Because I switch between operating systems I sometimes find if I have a momentary lapse in concentration that I use Mac-like keyboard shortcuts from on Windows. This surfaced as me pressing CTRL+d in Windows Explorer … which deletes the selected files. The entire opposite of what I actually want to do. In fact given the delete key deletes selected files why exactly does CTRL+d need to do the same thing?
Quite frankly, it doesn’t. On my PC it no longer does thanks to a little override I’ve put in place.
Enabling the Override
Windows Explorer doesn’t allow you to create macros or remap keys, but I use a piece of software to do a number of automation tasks on Windows that’s actually been designed to do just this sort of thing. AutoHotkey is an Open Source utility that through the use of scripted instructions can produce a variety of key triggered macros. You can use it for anything from text expansion through to what is effectively application level sets of automated actions.
I created an AutoHotkey script to re-map the CTRL+d key combination to CTRL+c followed by CTRL+v when Windows Explorer is the active window. This then duplicates the files and importantly for me no longer deletes them!
The script to do this is fairly simple.
;Override CTRL+d as delete in Windows explorer ;Use it to duplicate the file instead #IfWinActive ahk_class CabinetWClass ^d:: Send ^c Send ^v return
The script needs to be running in AutoHotkey to work. It’s probably best to include this into or as the first item in a library of things you have running in the background rather than running just this as a separate AutoHotkey instance.
#IfWinActive declaration line checks the classification of the
currently active window. If it is CabinetWClass then AutoHotkey will
identify this as Windows Explorer and apply the instructions specified
beneath it. In this particular case “
^d” provides the instruction to
override the CTRL+d key combination. As is probably pretty obvious at
this point the next two lines simply trigger a CTRL+c followed by a
CTRL+v. Finally the return instruction ends the instructions that will
be triggered by CTRL+d.
Because this is overriding a default delete operation I’d advise you to test this on your system before using it in earnest just to assure yourself that it is providing the required behaviour. Otherwise if it isn’t quite working for you then you’ll be fishing around in your recycle bin (or your backups) for the files you inadvertently deleted.

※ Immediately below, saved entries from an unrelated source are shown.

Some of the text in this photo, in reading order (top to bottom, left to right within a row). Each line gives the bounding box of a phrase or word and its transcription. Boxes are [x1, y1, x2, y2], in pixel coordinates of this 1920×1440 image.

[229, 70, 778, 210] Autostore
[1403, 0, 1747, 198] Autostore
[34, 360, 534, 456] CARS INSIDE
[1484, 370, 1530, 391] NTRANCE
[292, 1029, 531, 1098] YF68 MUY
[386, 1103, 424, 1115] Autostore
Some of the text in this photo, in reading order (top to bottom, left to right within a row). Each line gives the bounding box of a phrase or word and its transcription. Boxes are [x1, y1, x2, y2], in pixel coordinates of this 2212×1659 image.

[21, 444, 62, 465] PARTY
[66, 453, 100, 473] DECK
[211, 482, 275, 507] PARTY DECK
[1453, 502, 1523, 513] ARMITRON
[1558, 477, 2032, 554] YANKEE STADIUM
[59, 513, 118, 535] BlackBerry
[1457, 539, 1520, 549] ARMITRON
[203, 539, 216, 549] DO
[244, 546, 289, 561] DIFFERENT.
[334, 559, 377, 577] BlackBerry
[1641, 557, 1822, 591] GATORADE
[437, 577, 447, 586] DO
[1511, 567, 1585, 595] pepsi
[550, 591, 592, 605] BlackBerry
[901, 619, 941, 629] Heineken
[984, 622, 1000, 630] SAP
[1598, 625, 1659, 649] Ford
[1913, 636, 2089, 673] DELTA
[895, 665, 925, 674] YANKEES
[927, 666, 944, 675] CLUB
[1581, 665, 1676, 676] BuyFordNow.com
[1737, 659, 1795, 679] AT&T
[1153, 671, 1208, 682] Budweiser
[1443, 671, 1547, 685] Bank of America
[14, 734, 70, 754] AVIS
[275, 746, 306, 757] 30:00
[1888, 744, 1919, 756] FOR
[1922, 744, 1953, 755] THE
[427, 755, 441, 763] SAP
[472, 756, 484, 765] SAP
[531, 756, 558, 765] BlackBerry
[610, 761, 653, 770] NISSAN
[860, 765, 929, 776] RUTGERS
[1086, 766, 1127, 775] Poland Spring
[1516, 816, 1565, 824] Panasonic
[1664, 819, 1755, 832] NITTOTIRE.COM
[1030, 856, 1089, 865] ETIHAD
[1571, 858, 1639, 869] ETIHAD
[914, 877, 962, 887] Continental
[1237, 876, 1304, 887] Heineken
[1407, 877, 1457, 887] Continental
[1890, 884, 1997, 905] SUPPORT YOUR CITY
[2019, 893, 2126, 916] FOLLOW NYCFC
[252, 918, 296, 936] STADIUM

Should you have an issue with the key combination triggering while your script is running it is almost certainly going to be the active window classification that’s not quite right for your set-up. If you do have such an issue use AutoHotkey’s Window Spy Utility to get the class of the Windows Explorer window you want to take action on .
That’s all there is to it. A very simple AutoHotkey script changes the CTRL+d in Windows Explorer from triggering a press of DELETE a press of CTRL+c | CTRL+v.